Practical heuristics: standard recommendation is 6+ hours before bedtime (so 4 PM cutoff for 10 PM bedtime); more conservative is 8+ hours (2 PM cutoff for 10 PM); strictest (for sleep-sensitive or chronic insomnia) is noon or eliminating entirely. The math: 5-hour half-life means at 6 hours post-consumption, 44% of caffeine remains; at 8 hours, 33% remains; at 10 hours, 25% remains; at 12 hours, 19% remains. For a 200 mg dose, that's ~88 mg at 6 hours, ~66 mg at 8 hours, ~50 mg at 10 hours. Even 50-66 mg measurably affects sleep architecture. The Sleep Foundation, AASM, and most sleep clinicians recommend at minimum no caffeine after early afternoon; for people with sleep issues, earlier or none. Individual factors matter: slow metabolizers (pregnant, on oral contraceptives, certain medications, older adults) need earlier cutoffs; fast metabolizers (smokers, certain genetic variants) may tolerate later. Try a 2-week experiment: shift cutoff to noon or eliminate entirely, see if sleep changes; results usually appear within 5-10 days.

What are the most common mistakes people make about caffeine and sleep?

The biggest is assuming "I can sleep after coffee so it doesn't affect me" — sleep onset is preserved even when architecture is disrupted, so subjective experience misses 20-30% reductions in deep sleep. The second is forgetting hidden caffeine sources: tea (30-50 mg), soda (30-50 mg), chocolate (10-50 mg depending on darkness), some medications (Excedrin, weight-loss supplements, pre-workout), energy drinks (80-300+ mg), and decaffeinated coffee actually contains 5-15 mg per cup. The third is treating "moderate caffeine use" (under 400 mg/day) as universally safe; while 400 mg is a reasonable population guideline, individuals vary widely and 400 mg in the afternoon can still disrupt sensitive sleepers. The fourth is over-relying on caffeine to mask chronic sleep deprivation — caffeine treats the symptom (sleepiness) but doesn't address the underlying debt and may worsen it through delayed bedtimes. The fifth is binge consumption (multiple energy drinks in an evening before "needing to be alert" — produces both alertness disruption and severe sleep disruption that compounds across days). The sixth is ignoring caffeine's contribution to anxiety; caffeine is a stimulant and can worsen anxiety disorders, panic, and palpitations. The seventh is cold-turkey withdrawal without ramp-down; habitual heavy users abruptly stopping experience headaches, fatigue, and irritability for 7-14 days; gradual reduction over 2-4 weeks is gentler.

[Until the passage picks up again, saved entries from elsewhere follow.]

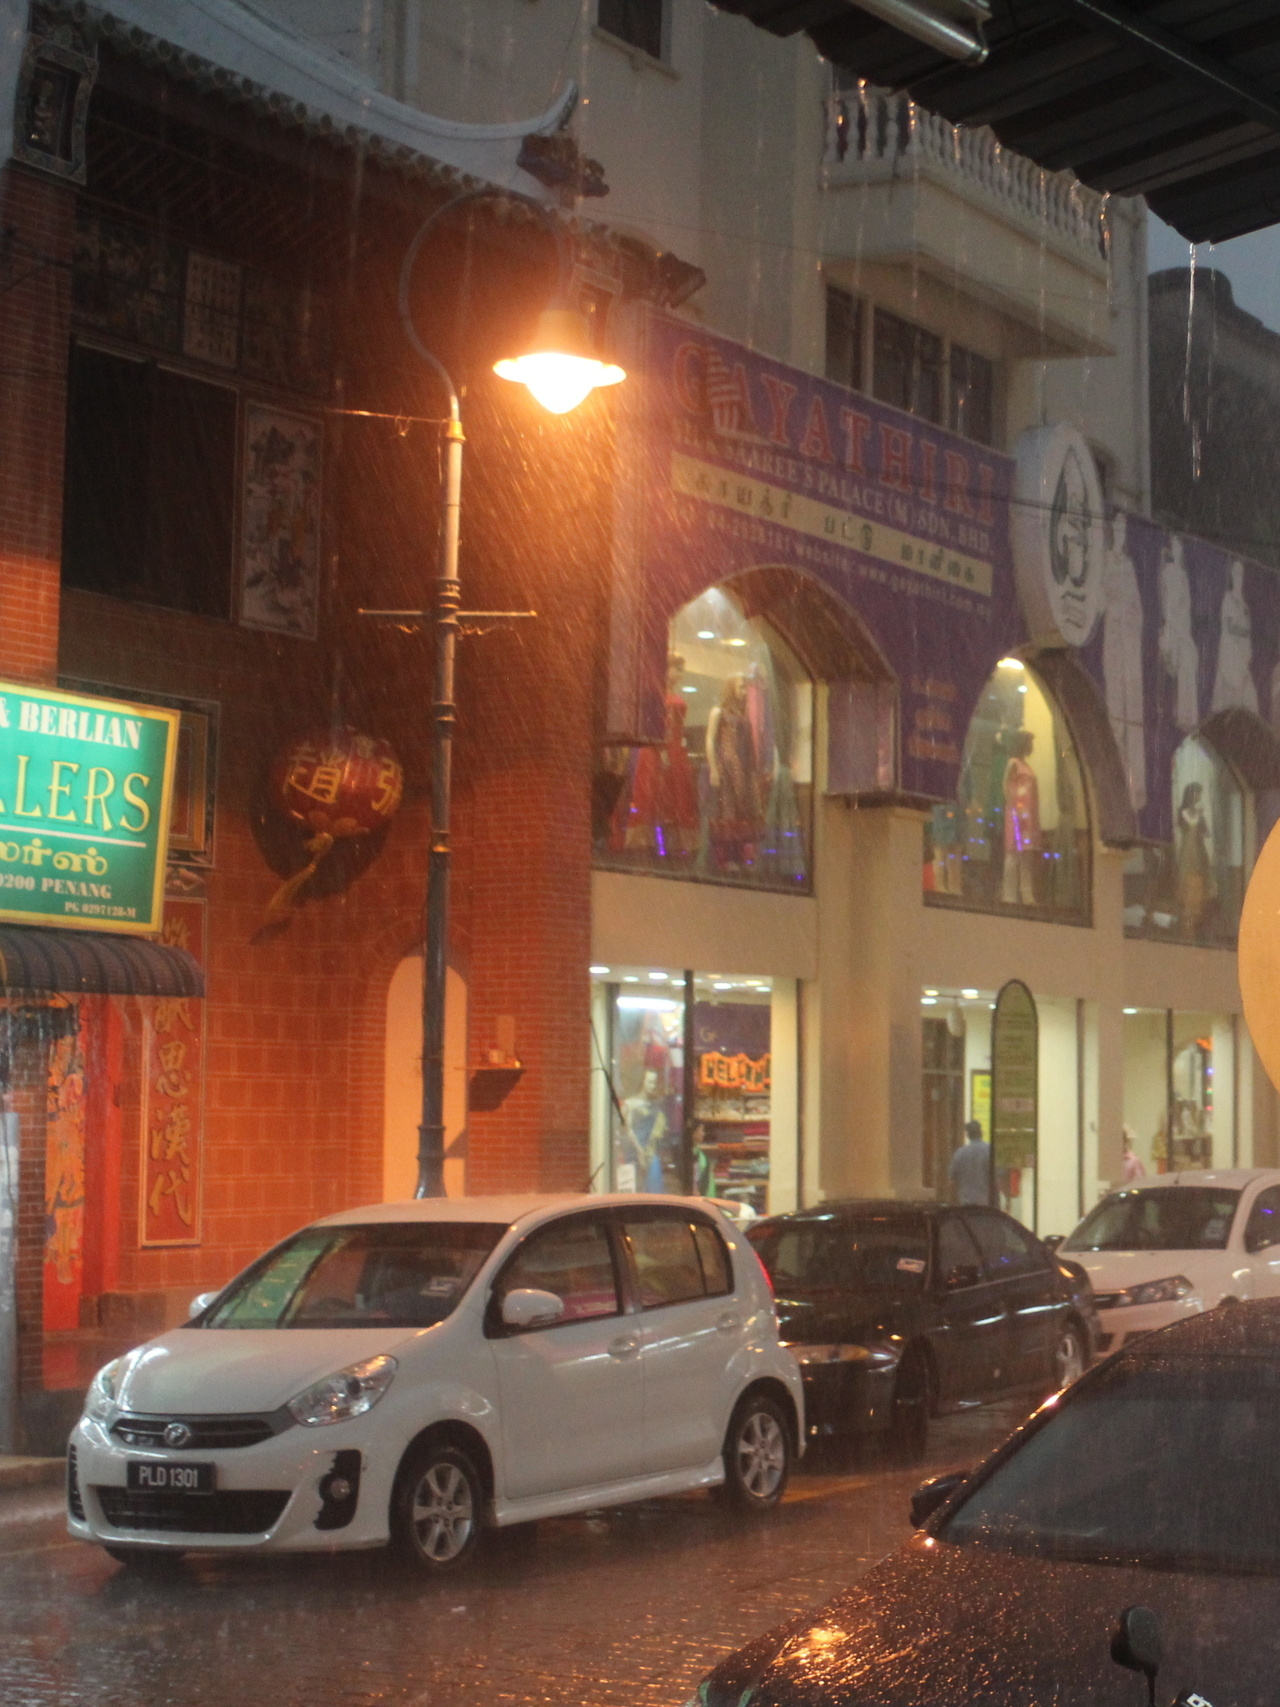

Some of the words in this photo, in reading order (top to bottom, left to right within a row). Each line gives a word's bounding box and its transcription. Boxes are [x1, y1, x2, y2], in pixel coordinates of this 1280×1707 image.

[818, 469, 885, 515] PALACE
[18, 701, 143, 749] BERLIAN
[0, 755, 151, 832] LERS
[41, 878, 112, 899] PENANG
[138, 1465, 167, 1487] PLD
[170, 1467, 198, 1488] 1301

When should I not use this calculator?

Skip it if you are a known fast or slow metabolizer with significantly different half-life — the 5-hour assumption gives misleading results in those cases. For pregnancy (especially third trimester), nursing, oral contraceptive use, or liver disease, use a longer half-life assumption (7-9 hours) or consult specialized resources. It is the wrong tool for people with caffeine sensitivity disorders, anxiety disorders, or cardiac conditions where any caffeine intake requires medical guidance, not formulaic clearance calculation. Do not use it as a permission slip for late caffeine; "the calculator says only 30 mg remaining" still allows measurable sleep disruption in many people. For children and adolescents, caffeine effects and metabolism differ substantially from adults; pediatric and adolescent guidelines recommend much lower or zero caffeine intake regardless of timing. For people with chronic insomnia or sleep disorders under treatment, follow your clinician's specific recommendations rather than a generic decay calculation. And for general use, treat the calculator as a directional awareness tool — the real takeaway is that morning-only or by-noon caffeine policy almost always produces better sleep than later intake, regardless of exact residual amounts.